LIVERPOOL HOPE to make rapid progress in their efforts to install a successor to Rafael Benitez, with Roy Hodgson the leading candidate following further talks among the Anfield hierarchy.
Having finalised the terms of Benitez’s exit swiftly with his representatives on Thursday, Liverpool directors met again yesterday to discuss his possible replacements. Both Hodgson and his Aston Villa counterpart, Martin O’Neill, have supporters inside the Anfield boardroom but the Fulham manager is expected to receive the first approach as Liverpool seek a steadying influence with a European pedigree.
The process of identifying and appointing the new manager is being led by Liverpool’s managing director, Christian Purslow, and Kenny Dalglish. Despite being installed as the early favourite for the vacancy by bookmakers and seeing his cause championed by former Liverpool team-mates including Bruce Grobbelaar and Mark Lawrenson, Dalglish is not expected to return to the role he quit in 1991.
Dalglish, who won three league titles and two FA Cups during his six years at the helm, is employed as the club’s ambassador and has been touted as the man to convince Steven Gerrard and possibly Fernando Torres to remain at Liverpool this summer.
The next Liverpool manager will have limited funds to revitalise a squad that finished seventh in the Premier League last season and it is the future direction of the club, not Benitez’s departure, that will have a greater bearing on players’ decisions.
Javier Mascherano, who has not put pen to paper on a contract extension, is another whose Anfield future is in serious doubt.
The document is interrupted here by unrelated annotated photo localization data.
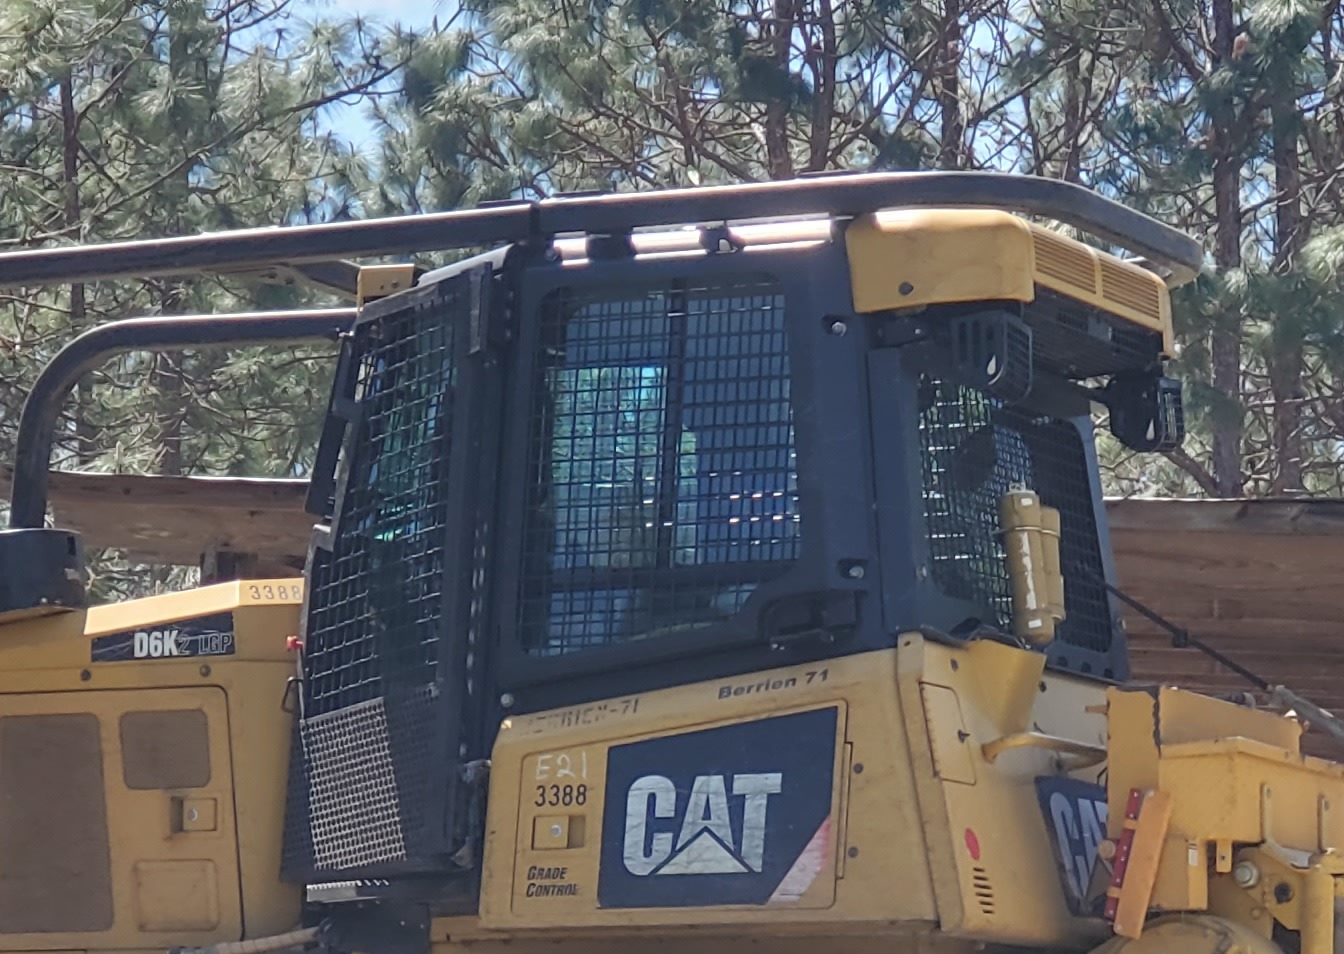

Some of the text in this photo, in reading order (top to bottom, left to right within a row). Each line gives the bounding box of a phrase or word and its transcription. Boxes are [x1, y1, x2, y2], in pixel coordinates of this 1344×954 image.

[249, 585, 302, 600] 3388
[198, 635, 233, 653] LGP
[717, 669, 829, 700] Berrien 71
[534, 783, 588, 807] 3388
[623, 772, 783, 876] CAT
Real Madrid are confident of capitalising on the problems at Liverpool with a move for Gerrard after the World Cup and a move from Chelsea or Barcelona for Torres could be difficult for the Spain international to resist in the current climate.
“I think there is only one man for the job and that is Kenny Dalglish,” said Grobbelaar yesterday. “I think maybe now is the time he can turn the tide and take the club, stabilise it, with the fans, make sure everything gets on track and take the club where it should be.”
Liverpool are under no pressure to install an interim appointment or rush the managerial search. However, Anfield officials are confident of securing their first choice.
No formal approach has been made to Fulham for Hodgson as yet and the Europa League finalists would not welcome a move for their manager, who has a €3 million release clause in his contract at Craven Cottage.
Fulham would fight hard to keep Hodgson, who is on holiday and whose wife is from Liverpool.